If I understand the regexp engine caching the compiled version of a regex if it is not going to change then I think this should be a reasonably efficient approach. Am I on the right tracks ? and is the /o unrequired as I have already interpolated the variable when the regex is first called ?

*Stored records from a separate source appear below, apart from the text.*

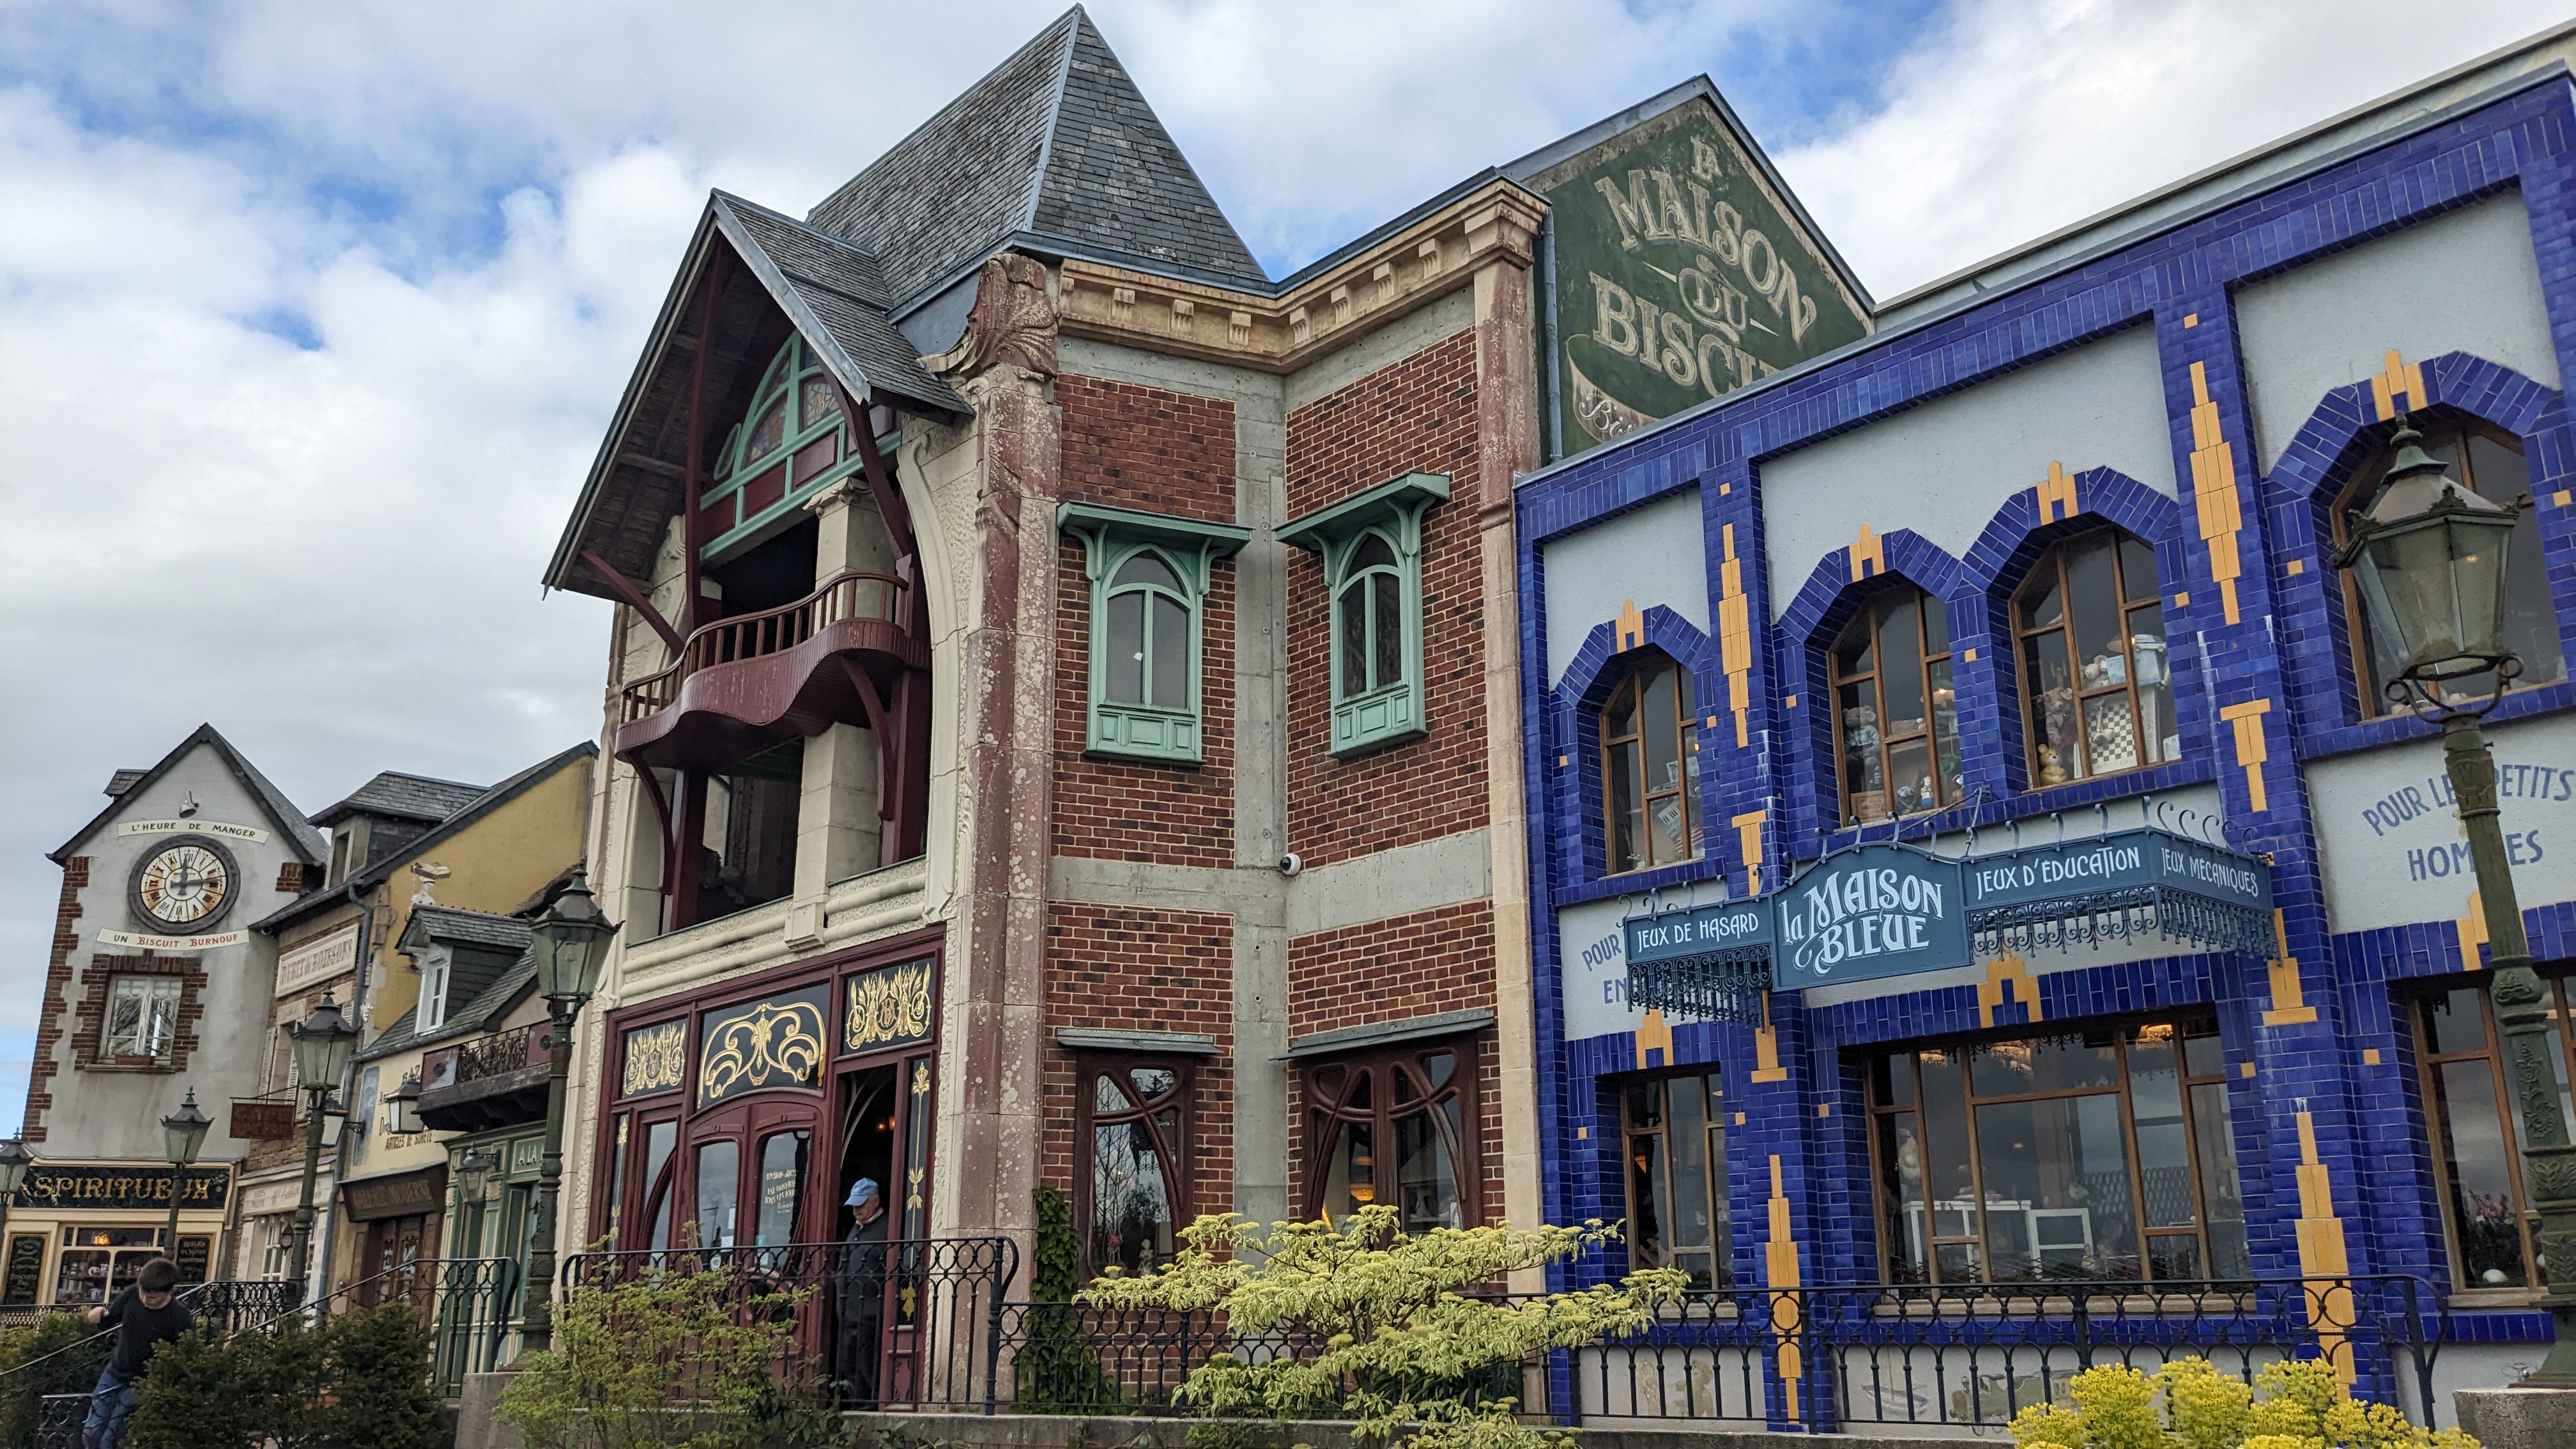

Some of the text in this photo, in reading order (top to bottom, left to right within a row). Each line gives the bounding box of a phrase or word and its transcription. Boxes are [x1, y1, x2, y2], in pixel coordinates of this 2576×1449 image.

[1595, 169, 1817, 344] MAISON
[1678, 255, 1749, 345] DU
[1590, 271, 1781, 398] BISC
[2361, 765, 2575, 836] POUR LE ETITS
[132, 822, 176, 832] L'HEURE
[211, 825, 256, 838] MANGER
[2407, 829, 2543, 882] HOMES
[1975, 845, 2142, 900] JEUX D'ÉDUCATION
[2161, 847, 2258, 898] JEUX MÉCANIQUES
[114, 933, 238, 947] UN BISCUIT BURNOUF
[1637, 912, 1758, 953] JEUX DE HASARD
[1793, 868, 1943, 970] MAISON
[1813, 914, 1930, 976] BLEUE
[1581, 933, 1622, 972] POUR

#!/usr/local/bin/perl -w use strict; my ($i, $compile_me, @names)=(1, "{my \@matches;", "no match"); while (<DATA>) { next if /^\s*$/; last if /END CONFIG/; chomp; my ($name, $reg)=split; push @names, $name; $compile_me.="push \@matches, $i if /$reg/o;"; $i++; } $compile_me.="\@matches}"; while (<DATA>) { chomp; print "\nmatches found for $_\n"; my @matches=eval $compile_me; foreach (@matches) { print $names[$_] , "\n" } } __DATA__ Fred_and_Friends fr.d Paul_and_co paul some_numbers \d{2} freud_likes_fred fr END CONFIG freud fred NaNa pauline 12312sdfsdf 2
Update with speed test

I have now run a comparative test over 300^H^H^H, sorry 416 lines of log, with my 672 pattern matches. First using the eval of a string containing all the regexen and returning match index numbers as above. Second is my old naive code holding an array with the regexen and doing a foreach through it against each line. I did not use the /o for the reasons given above it works fine without it

>time ./Monitor.fast real 0m1.49s user 0m0.68s sys 0m0.58s >time ./Monitor real 0m19.47s user 0m14.69s sys 0m0.50s >

I think the numbers speak for themselves

Cheers,
R.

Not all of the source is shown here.